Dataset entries
· · ·

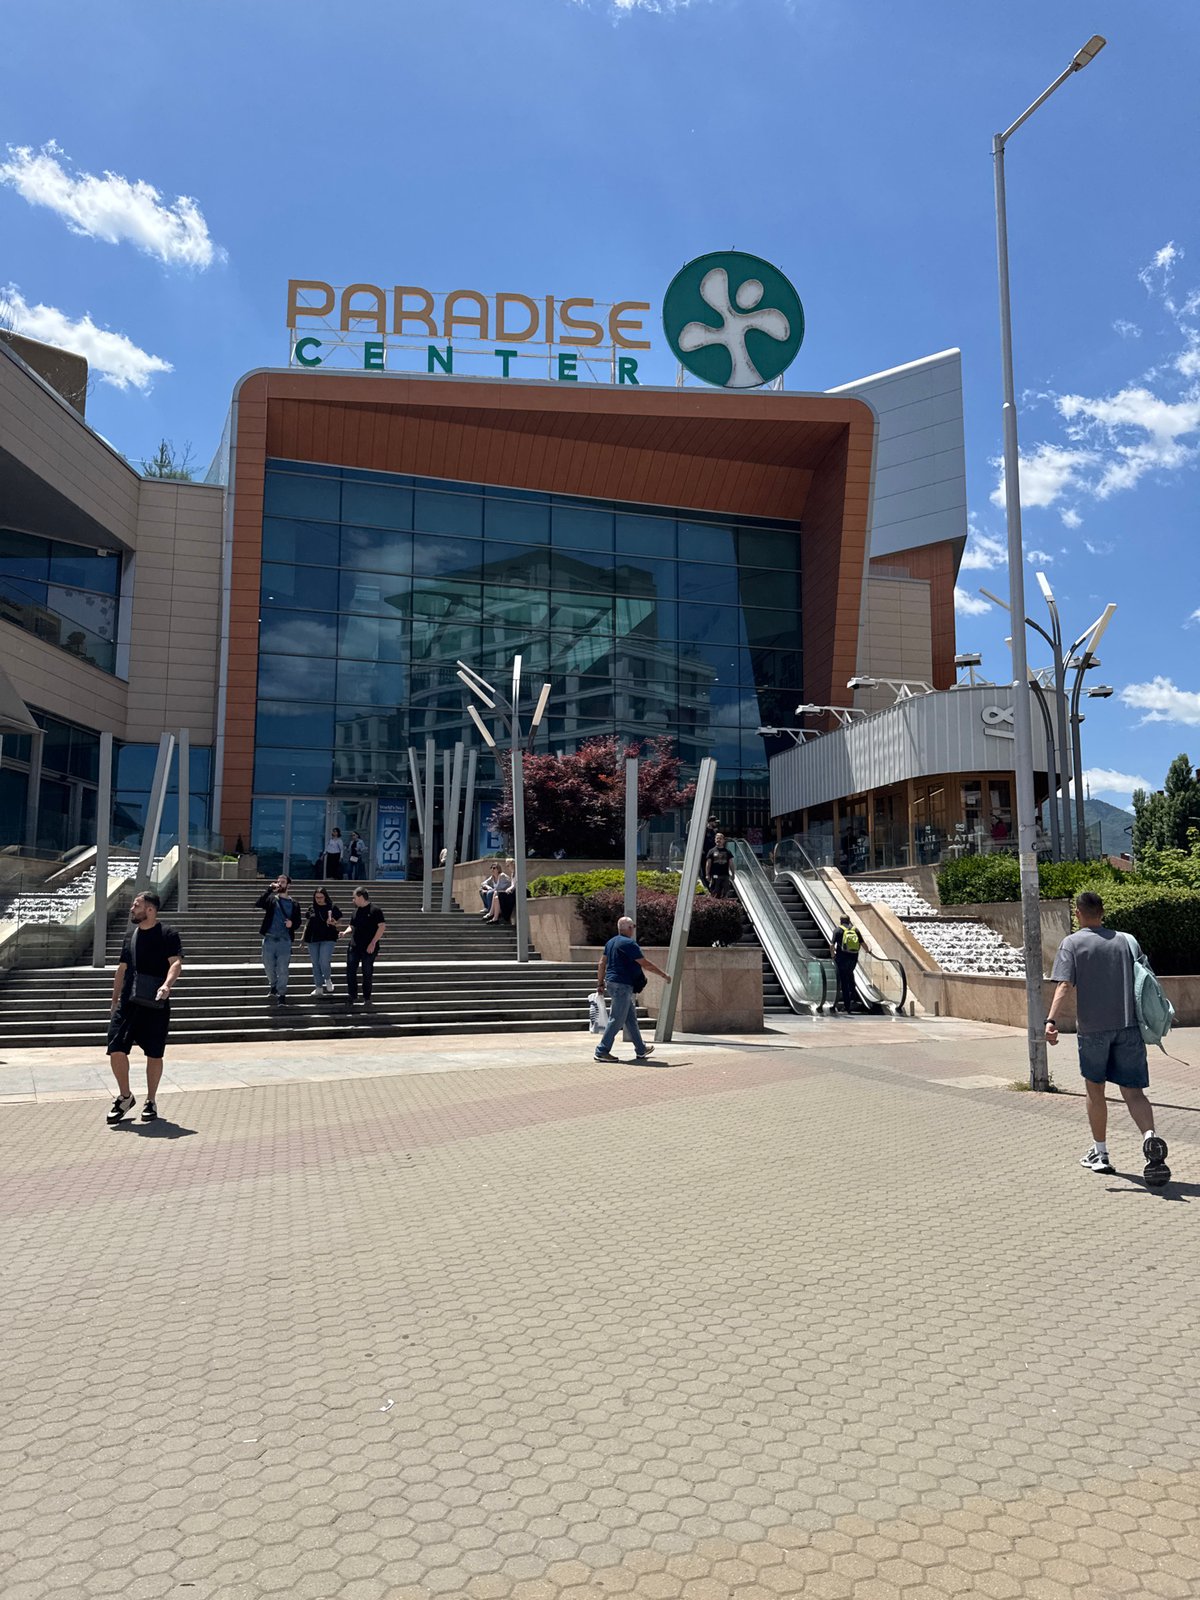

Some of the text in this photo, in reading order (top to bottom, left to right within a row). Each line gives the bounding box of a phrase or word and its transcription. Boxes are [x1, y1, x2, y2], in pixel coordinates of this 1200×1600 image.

[286, 279, 651, 349] PARADISE
[295, 337, 640, 385] CENTER
[383, 818, 401, 864] ESSE
[947, 833, 974, 842] LATE
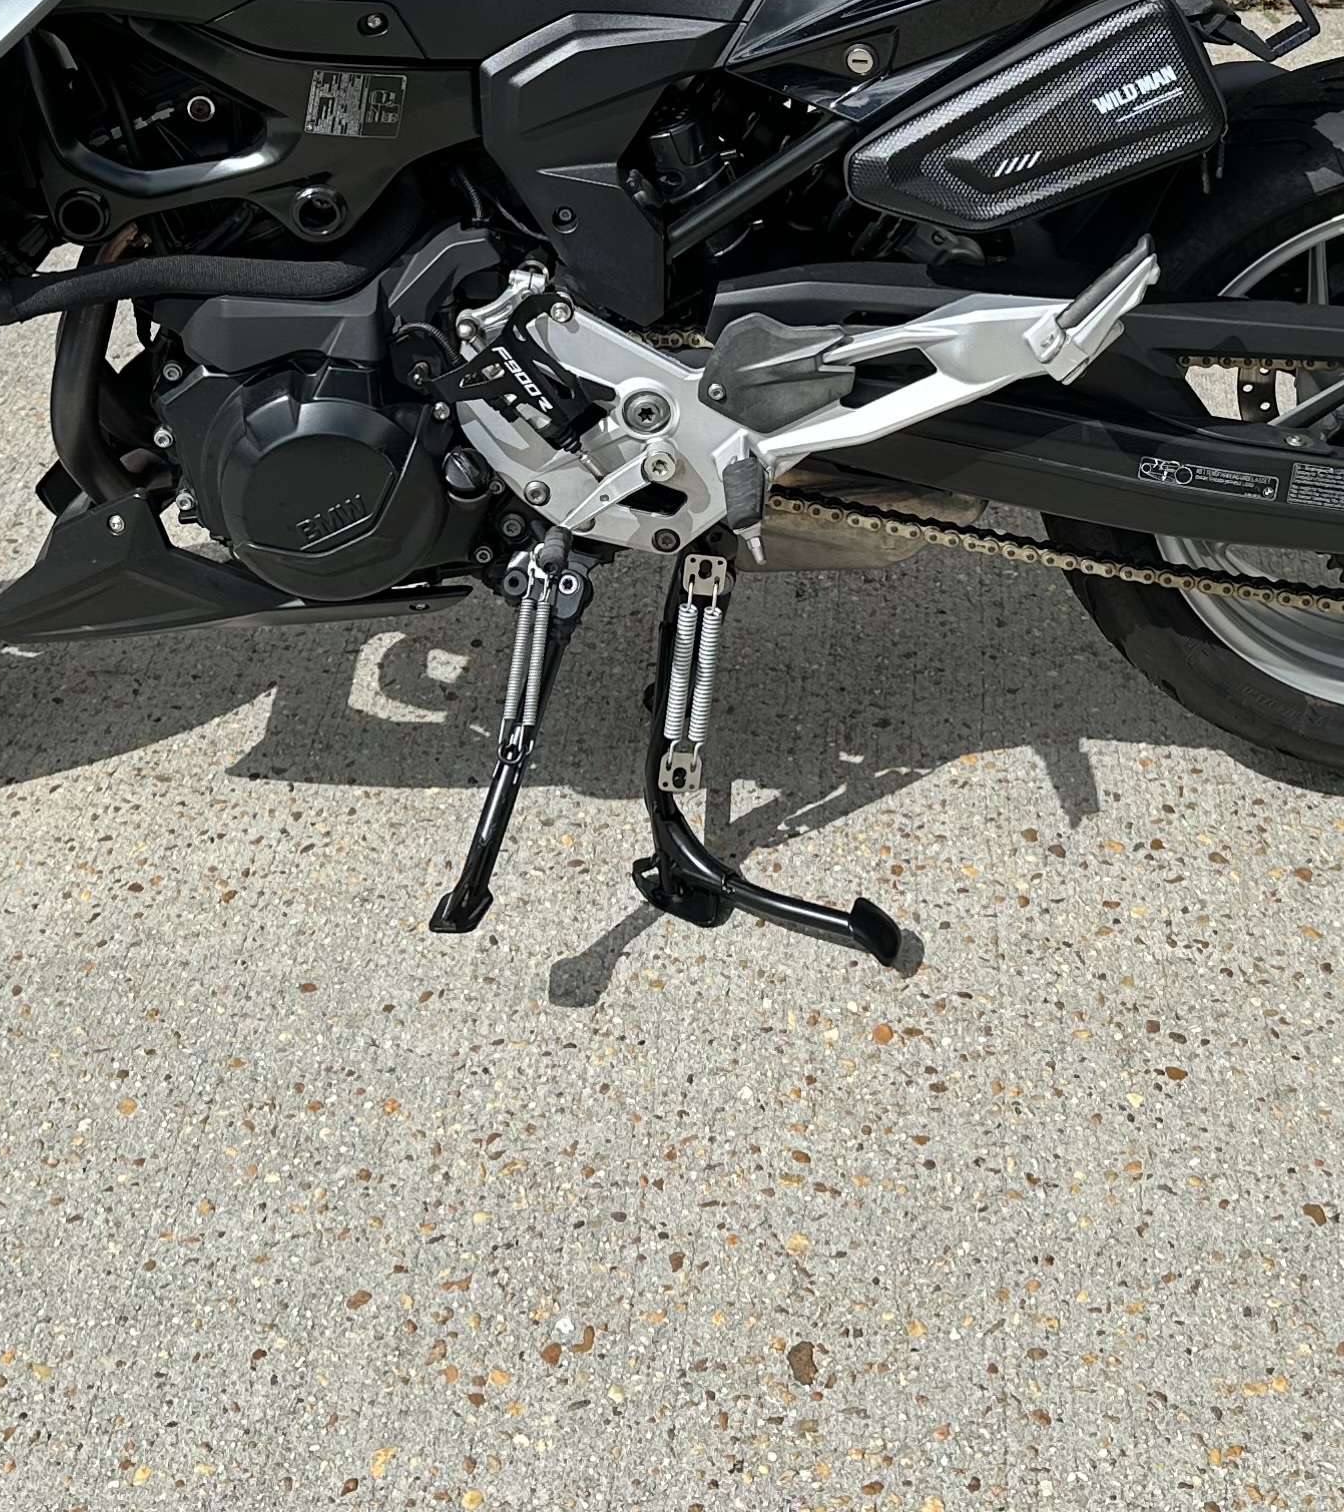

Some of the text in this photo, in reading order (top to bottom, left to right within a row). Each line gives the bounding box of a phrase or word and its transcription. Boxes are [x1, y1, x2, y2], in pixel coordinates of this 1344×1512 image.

[1092, 65, 1177, 114] WILD MAN
[492, 347, 542, 397] F900
[296, 494, 367, 539] BMW

· · ·

> [EXERCISE]
With the images excluded, reproduce the data above precisely as written.

> [RESPONSE BOX]
Some of the text in this photo, in reading order (top to bottom, left to right within a row). Each line gives the bounding box of a phrase or word and its transcription. Boxes are [x1, y1, x2, y2], in pixel coordinates of this 1200×1600 image.

[286, 279, 651, 349] PARADISE
[295, 337, 640, 385] CENTER
[383, 818, 401, 864] ESSE
[947, 833, 974, 842] LATE

Some of the text in this photo, in reading order (top to bottom, left to right within a row). Each line gives the bounding box of a phrase or word and its transcription. Boxes are [x1, y1, x2, y2], in pixel coordinates of this 1344×1512 image.

[1092, 65, 1177, 114] WILD MAN
[492, 347, 542, 397] F900
[296, 494, 367, 539] BMW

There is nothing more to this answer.